- **What is required**
Each entry that follows must be output without any deviation.

Start of Extracted material

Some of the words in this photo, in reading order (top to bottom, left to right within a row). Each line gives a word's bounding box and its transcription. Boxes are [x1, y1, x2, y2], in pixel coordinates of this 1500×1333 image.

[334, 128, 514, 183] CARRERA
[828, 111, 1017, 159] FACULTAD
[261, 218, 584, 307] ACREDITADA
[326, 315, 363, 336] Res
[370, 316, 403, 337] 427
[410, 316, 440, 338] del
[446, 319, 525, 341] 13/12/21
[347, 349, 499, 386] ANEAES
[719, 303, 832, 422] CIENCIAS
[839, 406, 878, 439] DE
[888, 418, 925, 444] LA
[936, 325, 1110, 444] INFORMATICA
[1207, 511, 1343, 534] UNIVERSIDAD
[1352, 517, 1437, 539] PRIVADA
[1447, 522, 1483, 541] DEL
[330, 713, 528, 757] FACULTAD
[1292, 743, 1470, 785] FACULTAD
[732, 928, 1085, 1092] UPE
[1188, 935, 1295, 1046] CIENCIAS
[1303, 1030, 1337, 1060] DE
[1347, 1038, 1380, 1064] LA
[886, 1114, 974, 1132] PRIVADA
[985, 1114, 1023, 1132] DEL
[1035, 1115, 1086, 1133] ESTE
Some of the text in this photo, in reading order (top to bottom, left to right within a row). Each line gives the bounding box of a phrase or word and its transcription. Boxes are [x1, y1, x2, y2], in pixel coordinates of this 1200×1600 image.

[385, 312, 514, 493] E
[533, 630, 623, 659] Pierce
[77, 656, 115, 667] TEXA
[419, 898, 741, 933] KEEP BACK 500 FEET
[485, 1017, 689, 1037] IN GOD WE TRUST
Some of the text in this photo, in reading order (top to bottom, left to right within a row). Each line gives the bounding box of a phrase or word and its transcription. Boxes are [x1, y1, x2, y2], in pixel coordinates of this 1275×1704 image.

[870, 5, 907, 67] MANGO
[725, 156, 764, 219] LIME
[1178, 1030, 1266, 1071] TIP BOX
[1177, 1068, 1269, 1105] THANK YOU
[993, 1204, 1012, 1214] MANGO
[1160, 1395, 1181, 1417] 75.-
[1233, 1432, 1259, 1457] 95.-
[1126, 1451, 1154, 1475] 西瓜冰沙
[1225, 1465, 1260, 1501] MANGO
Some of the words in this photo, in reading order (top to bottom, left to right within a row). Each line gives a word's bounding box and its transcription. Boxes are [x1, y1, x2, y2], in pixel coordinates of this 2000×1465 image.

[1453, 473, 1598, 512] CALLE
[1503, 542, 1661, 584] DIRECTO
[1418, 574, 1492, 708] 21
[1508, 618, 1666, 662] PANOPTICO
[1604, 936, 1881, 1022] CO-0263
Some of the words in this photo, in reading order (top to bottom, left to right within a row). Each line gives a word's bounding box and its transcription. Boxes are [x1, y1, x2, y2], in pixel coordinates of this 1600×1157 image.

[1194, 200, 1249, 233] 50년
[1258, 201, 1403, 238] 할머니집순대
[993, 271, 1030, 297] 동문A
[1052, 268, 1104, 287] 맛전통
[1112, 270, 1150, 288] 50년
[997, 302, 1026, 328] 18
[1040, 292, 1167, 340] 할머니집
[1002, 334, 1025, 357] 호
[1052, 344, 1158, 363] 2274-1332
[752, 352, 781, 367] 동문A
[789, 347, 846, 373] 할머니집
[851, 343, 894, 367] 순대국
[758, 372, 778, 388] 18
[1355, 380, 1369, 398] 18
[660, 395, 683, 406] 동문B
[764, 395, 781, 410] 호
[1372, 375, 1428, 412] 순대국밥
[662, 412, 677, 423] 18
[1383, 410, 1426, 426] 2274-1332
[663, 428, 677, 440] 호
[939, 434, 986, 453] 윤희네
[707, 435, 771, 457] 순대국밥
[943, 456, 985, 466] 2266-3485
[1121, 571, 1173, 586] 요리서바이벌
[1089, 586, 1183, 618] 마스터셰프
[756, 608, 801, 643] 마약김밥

End of Extracted material

- **Response**
Some of the words in this photo, in reading order (top to bottom, left to right within a row). Each line gives a word's bounding box and its transcription. Boxes are [x1, y1, x2, y2], in pixel coordinates of this 1500×1333 image.

[334, 128, 514, 183] CARRERA
[828, 111, 1017, 159] FACULTAD
[261, 218, 584, 307] ACREDITADA
[326, 315, 363, 336] Res
[370, 316, 403, 337] 427
[410, 316, 440, 338] del
[446, 319, 525, 341] 13/12/21
[347, 349, 499, 386] ANEAES
[719, 303, 832, 422] CIENCIAS
[839, 406, 878, 439] DE
[888, 418, 925, 444] LA
[936, 325, 1110, 444] INFORMATICA
[1207, 511, 1343, 534] UNIVERSIDAD
[1352, 517, 1437, 539] PRIVADA
[1447, 522, 1483, 541] DEL
[330, 713, 528, 757] FACULTAD
[1292, 743, 1470, 785] FACULTAD
[732, 928, 1085, 1092] UPE
[1188, 935, 1295, 1046] CIENCIAS
[1303, 1030, 1337, 1060] DE
[1347, 1038, 1380, 1064] LA
[886, 1114, 974, 1132] PRIVADA
[985, 1114, 1023, 1132] DEL
[1035, 1115, 1086, 1133] ESTE
Some of the text in this photo, in reading order (top to bottom, left to right within a row). Each line gives the bounding box of a phrase or word and its transcription. Boxes are [x1, y1, x2, y2], in pixel coordinates of this 1200×1600 image.

[385, 312, 514, 493] E
[533, 630, 623, 659] Pierce
[77, 656, 115, 667] TEXA
[419, 898, 741, 933] KEEP BACK 500 FEET
[485, 1017, 689, 1037] IN GOD WE TRUST
Some of the text in this photo, in reading order (top to bottom, left to right within a row). Each line gives the bounding box of a phrase or word and its transcription. Boxes are [x1, y1, x2, y2], in pixel coordinates of this 1275×1704 image.

[870, 5, 907, 67] MANGO
[725, 156, 764, 219] LIME
[1178, 1030, 1266, 1071] TIP BOX
[1177, 1068, 1269, 1105] THANK YOU
[993, 1204, 1012, 1214] MANGO
[1160, 1395, 1181, 1417] 75.-
[1233, 1432, 1259, 1457] 95.-
[1126, 1451, 1154, 1475] 西瓜冰沙
[1225, 1465, 1260, 1501] MANGO
Some of the words in this photo, in reading order (top to bottom, left to right within a row). Each line gives a word's bounding box and its transcription. Boxes are [x1, y1, x2, y2], in pixel coordinates of this 2000×1465 image.

[1453, 473, 1598, 512] CALLE
[1503, 542, 1661, 584] DIRECTO
[1418, 574, 1492, 708] 21
[1508, 618, 1666, 662] PANOPTICO
[1604, 936, 1881, 1022] CO-0263
Some of the words in this photo, in reading order (top to bottom, left to right within a row). Each line gives a word's bounding box and its transcription. Boxes are [x1, y1, x2, y2], in pixel coordinates of this 1600×1157 image.

[1194, 200, 1249, 233] 50년
[1258, 201, 1403, 238] 할머니집순대
[993, 271, 1030, 297] 동문A
[1052, 268, 1104, 287] 맛전통
[1112, 270, 1150, 288] 50년
[997, 302, 1026, 328] 18
[1040, 292, 1167, 340] 할머니집
[1002, 334, 1025, 357] 호
[1052, 344, 1158, 363] 2274-1332
[752, 352, 781, 367] 동문A
[789, 347, 846, 373] 할머니집
[851, 343, 894, 367] 순대국
[758, 372, 778, 388] 18
[1355, 380, 1369, 398] 18
[660, 395, 683, 406] 동문B
[764, 395, 781, 410] 호
[1372, 375, 1428, 412] 순대국밥
[662, 412, 677, 423] 18
[1383, 410, 1426, 426] 2274-1332
[663, 428, 677, 440] 호
[939, 434, 986, 453] 윤희네
[707, 435, 771, 457] 순대국밥
[943, 456, 985, 466] 2266-3485
[1121, 571, 1173, 586] 요리서바이벌
[1089, 586, 1183, 618] 마스터셰프
[756, 608, 801, 643] 마약김밥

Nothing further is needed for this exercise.